I’m currently reading Colum McCann’s TransAtlantic, and as did his National Book Award- winning Let the Great World Spin, TransAtlantic reminds me over and over again of the power of the right word.  His descriptions are so clearly drawn, his word choices so strong and inventive, that it takes my breath away.

A few of my favorite lines so far:

TransAtlantic

“Sometimes it withered him just to keep his mind steady.”

“…an incidental skim of words across the surface of the day…”

“The children appeared marooned by hunger.”

McCann uses such beautiful, creative language.  It is the story that has drawn me in, that keeps me going on this journey with him.  But it is the way he tells that story – the language – that makes me love the ride so much.

When I read writers like McCann, I want to be better.  I want to challenge myself.  I begin to rethink my verbs, searching for stronger and more evocative ways of saying things.  I begin to play with my word choices.  And I remember again what is so much fun about writing.  I remember why I write in the first place.

Getting on My High Horse (and Helping Uncle Jack Off His)

“Capitalization is the difference between helping your Uncle Jack off a horse and helping your uncle jack off a horse.” Unknown (thanks, Linda, for sending this to me)

I’m going to sound like an old fogey reminiscing about the good old days here, but I’ll risk it.  It seems to me that too little emphasis is being placed on learning the basics of English these days.  You know, sentence structure, punctuation, and capitalization.  Seriously simple stuff.  Either it’s not being taught or there are a lot of students who aren’t listening.

I once had an employee who randomly capitalized words in a sentence.  Or, as he would have written, “I Once had An Employee who randomly Capitalized words.”  Every email he sent made me get out my red pen.  I would print the email and, after marking it up, toss it on his desk.  When this didn’t get through to him, I had him take an English class.  But capitalization was not addressed in that class or he was absent the day it was, because his random cap habit was never kicked, and he continued to look like a dumbass.

We’re not talking only uneducated people here.  I’ve had writers tell me that they aren’t worried about that kind of stuff, that once a story is accepted for publication, the editors will clean it up.  Wrong.  It will probably never be accepted anywhere if the punctuation and capitalization are a mess.
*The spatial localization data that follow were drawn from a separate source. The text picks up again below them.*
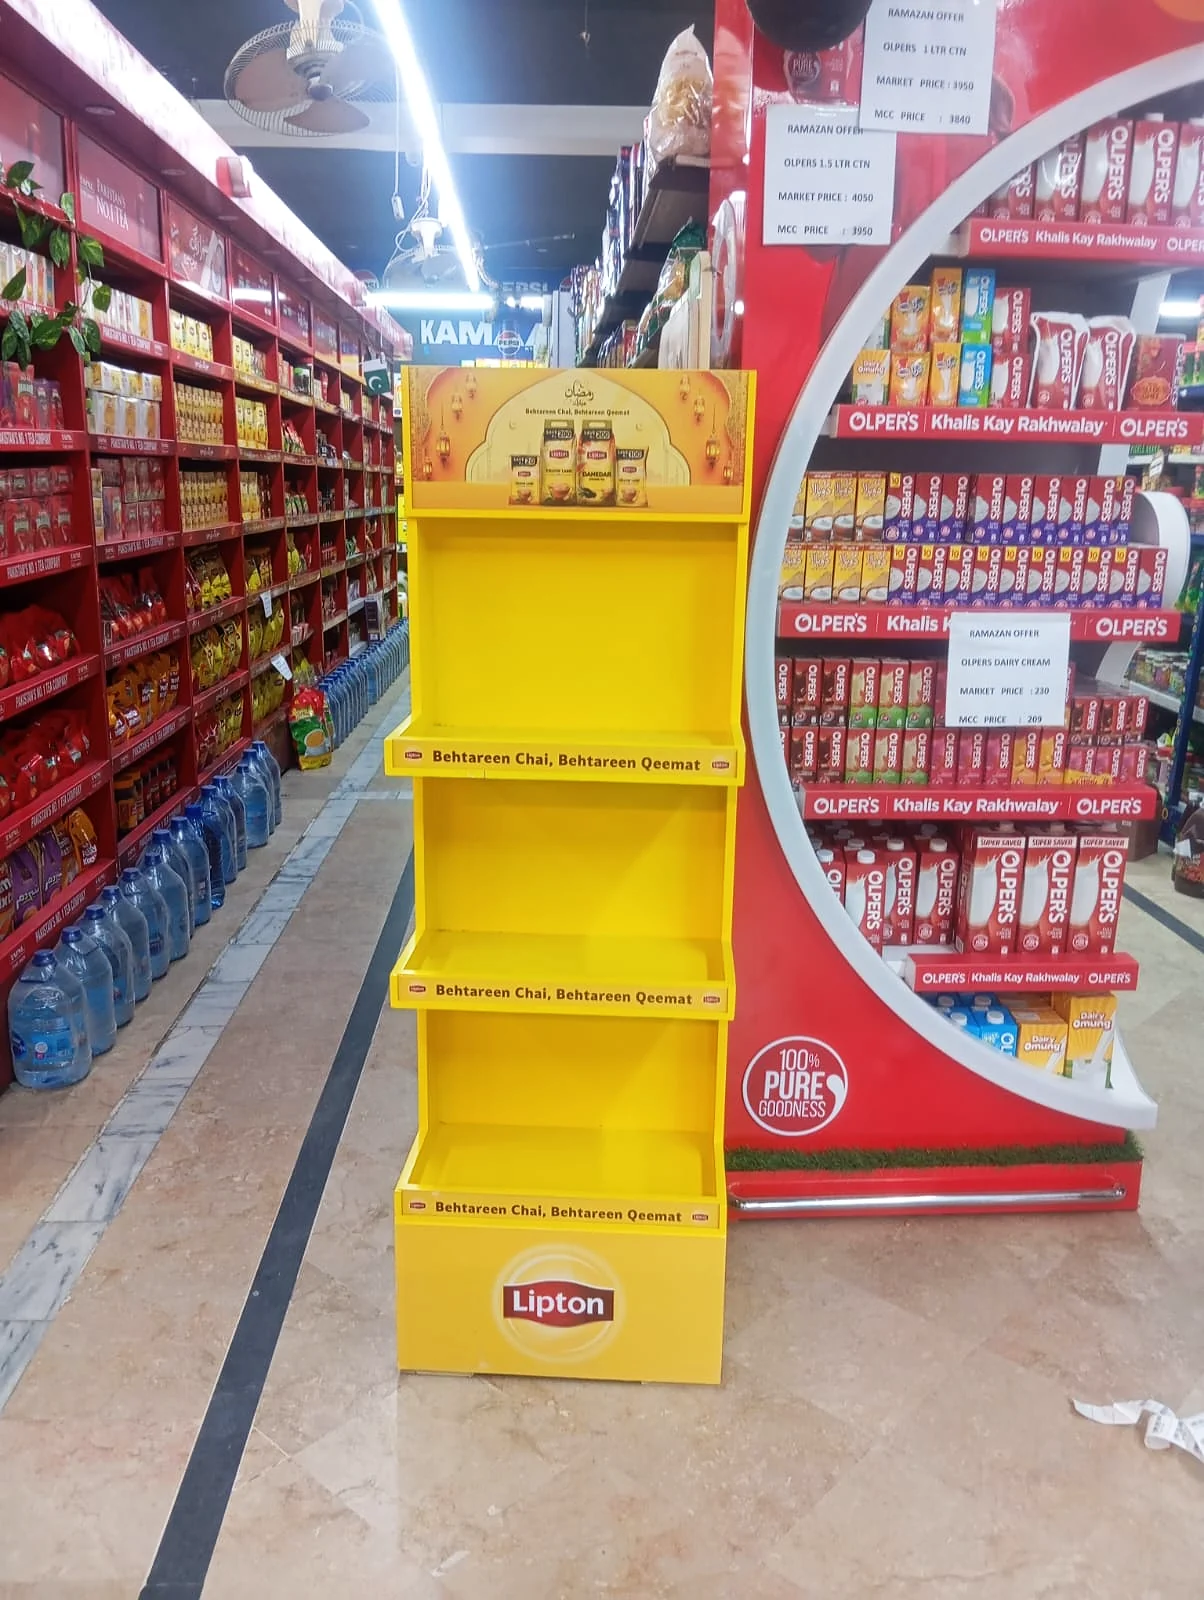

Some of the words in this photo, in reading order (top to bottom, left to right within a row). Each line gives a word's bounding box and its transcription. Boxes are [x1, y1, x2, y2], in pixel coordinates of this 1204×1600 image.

[888, 8, 934, 20] RAMAZAN
[936, 11, 964, 22] OFFER
[883, 42, 916, 53] OLPERS
[924, 45, 928, 54] 1
[930, 45, 946, 55] LTR
[949, 46, 967, 56] CTN
[876, 75, 914, 87] MARKET
[920, 79, 944, 89] PRICE
[953, 81, 974, 91] 3950
[874, 109, 894, 119] MCC
[901, 111, 926, 121] PRICE
[950, 114, 971, 124] 3840
[787, 124, 833, 135] RAMAZAN
[784, 158, 817, 168] OLPERS
[820, 159, 833, 169] 1.5
[835, 159, 850, 168] LTR
[852, 160, 870, 169] CTN
[1108, 126, 1128, 200] OLPER'S
[1153, 129, 1175, 203] OLPER'S
[778, 192, 815, 201] MARKET
[817, 193, 841, 202] PRICE
[852, 194, 874, 202] 4050
[777, 225, 797, 234] MCC
[804, 225, 829, 235] PRICE
[852, 227, 873, 236] 3950
[980, 227, 1029, 242] OLPER'S
[1036, 231, 1070, 243] Khalis
[1073, 232, 1094, 246] Kay
[1097, 233, 1158, 249] Rakhwalay
[1060, 329, 1073, 384] OLPER'S
[1104, 332, 1118, 385] OLPER'S
[606, 409, 630, 417] Qeemat
[849, 411, 919, 431] OLPER'S
[931, 414, 979, 430] Khalis
[983, 416, 1014, 434] Kay
[1018, 415, 1104, 436] Rakhwalay
[1120, 418, 1188, 437] OLPER'S
[902, 475, 913, 518] OLPER'S
[928, 476, 941, 519] OLPER'S
[956, 476, 969, 519] OLPER'S
[991, 477, 1003, 521] OLPER'S
[1019, 478, 1032, 521] OLPER'S
[1047, 478, 1060, 521] OLPER'S
[1074, 479, 1087, 521] OLPER'S
[1102, 479, 1115, 522] OLPER'S
[904, 548, 917, 589] OLPER'S
[932, 548, 945, 590] OLPER'S
[959, 548, 973, 591] OLPER'S
[988, 548, 1001, 591] OLPER'S
[1015, 549, 1029, 591] OLPER'S
[1043, 549, 1055, 591] OLPER'S
[1070, 549, 1083, 591] OLPER'S
[794, 612, 867, 632] OLPER'S
[887, 615, 938, 631] Khalis
[1096, 617, 1168, 636] OLPER'S
[969, 629, 1012, 638] RAMAZAN
[1014, 630, 1039, 638] OFFER
[961, 658, 992, 667] OLPERS
[994, 659, 1020, 667] DAIRY
[1021, 659, 1051, 667] CREAM
[960, 687, 995, 695] MARKET
[1001, 687, 1024, 695] PRICE
[432, 750, 510, 764] Behtareen
[516, 752, 554, 768] Chai,
[558, 754, 637, 769] Behtareen
[641, 757, 701, 773] Qeemat
[814, 797, 879, 814] OLPER'S
[893, 798, 939, 812] Khalis
[944, 799, 972, 815] Kay
[976, 797, 1058, 815] Rakhwalay
[1077, 797, 1142, 815] OLPER'S
[980, 839, 1000, 847] SUPER
[1032, 839, 1052, 847] SUPER
[1083, 839, 1103, 847] SUPER
[1104, 839, 1125, 847] SAVER
[897, 857, 913, 916] OLPER'S
[938, 858, 956, 916] OLPER'S
[997, 850, 1020, 924] OLPER'S
[1049, 850, 1072, 924] OLPER'S
[1099, 850, 1123, 924] OLPER'S
[867, 870, 883, 930] OLPER'S
[922, 971, 965, 984] OLPER'S
[972, 973, 1001, 983] Khalis
[1004, 974, 1023, 985] Kay
[1026, 972, 1080, 985] Rakhwalay
[1088, 972, 1131, 984] OLPER'S
[436, 984, 510, 998] Behtareen
[515, 987, 551, 1001] Chai,
[556, 988, 631, 1003] Behtareen
[636, 991, 692, 1006] Qeemat
[1072, 1019, 1112, 1030] Omung
[1079, 1012, 1105, 1022] Dairy
[1024, 1042, 1062, 1052] Omung
[1031, 1035, 1056, 1044] Dairy
[779, 1048, 820, 1071] 100%
[764, 1071, 826, 1100] PURE
[758, 1100, 827, 1118] GOODNESS
[435, 1201, 507, 1216] Behtareen
[511, 1204, 546, 1218] Chai,
[551, 1206, 622, 1220] Behtareen
[628, 1209, 682, 1224] Qeemat
[513, 1290, 604, 1317] Lipton
My mother claims it’s a result of too much texting and tweeting.  I’m not buying it.  There are plenty of luddites out there who don’t know the basics of grammar and punctuation and spelling.  I think the problem is much deeper than that.  Many people seem to believe that it just doesn’t matter anymore, and that the rules no longer apply.  Not true.  Every time you send a poorly constructed, misspelled email, you are showing the recipient that you are too lazy or too stupid to communicate in proper English.  And forget landing an interview if your cover letter and resume are riddled with misspellings and incorrect usage.

As for any writer who is too lazy to make certain a story is grammatically correct, you can blame the editor who doesn’t want to spend his time teaching you first grade English for that rejection.